Start of RECORDS

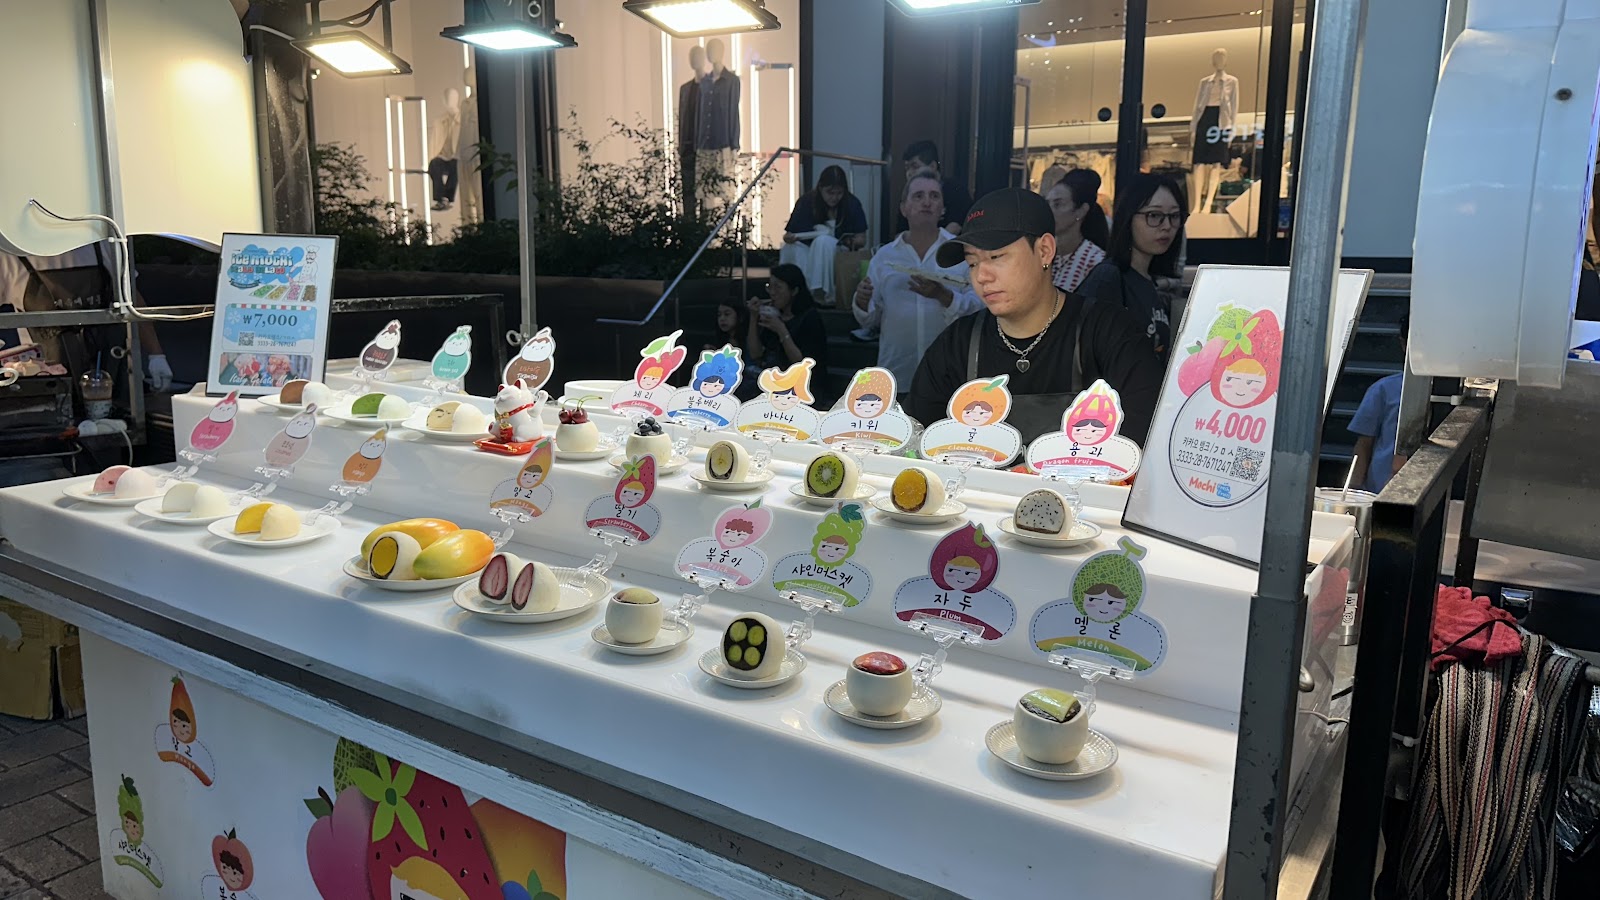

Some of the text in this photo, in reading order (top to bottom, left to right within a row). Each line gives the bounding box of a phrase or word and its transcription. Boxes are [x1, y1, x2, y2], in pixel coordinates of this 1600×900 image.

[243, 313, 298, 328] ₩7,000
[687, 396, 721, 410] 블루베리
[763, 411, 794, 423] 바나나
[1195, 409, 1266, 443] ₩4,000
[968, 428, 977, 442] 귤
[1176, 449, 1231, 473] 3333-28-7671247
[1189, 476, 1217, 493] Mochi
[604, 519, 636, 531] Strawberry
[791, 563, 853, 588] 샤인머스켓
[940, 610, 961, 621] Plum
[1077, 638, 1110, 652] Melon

End of RECORDS

■ **EXERCISE GOAL**: Write out each entry exactly as given, omitting any picture.

■ **EXERCISE RESPONSE**:
Some of the text in this photo, in reading order (top to bottom, left to right within a row). Each line gives the bounding box of a phrase or word and its transcription. Boxes are [x1, y1, x2, y2], in pixel coordinates of this 1600×900 image.

[243, 313, 298, 328] ₩7,000
[687, 396, 721, 410] 블루베리
[763, 411, 794, 423] 바나나
[1195, 409, 1266, 443] ₩4,000
[968, 428, 977, 442] 귤
[1176, 449, 1231, 473] 3333-28-7671247
[1189, 476, 1217, 493] Mochi
[604, 519, 636, 531] Strawberry
[791, 563, 853, 588] 샤인머스켓
[940, 610, 961, 621] Plum
[1077, 638, 1110, 652] Melon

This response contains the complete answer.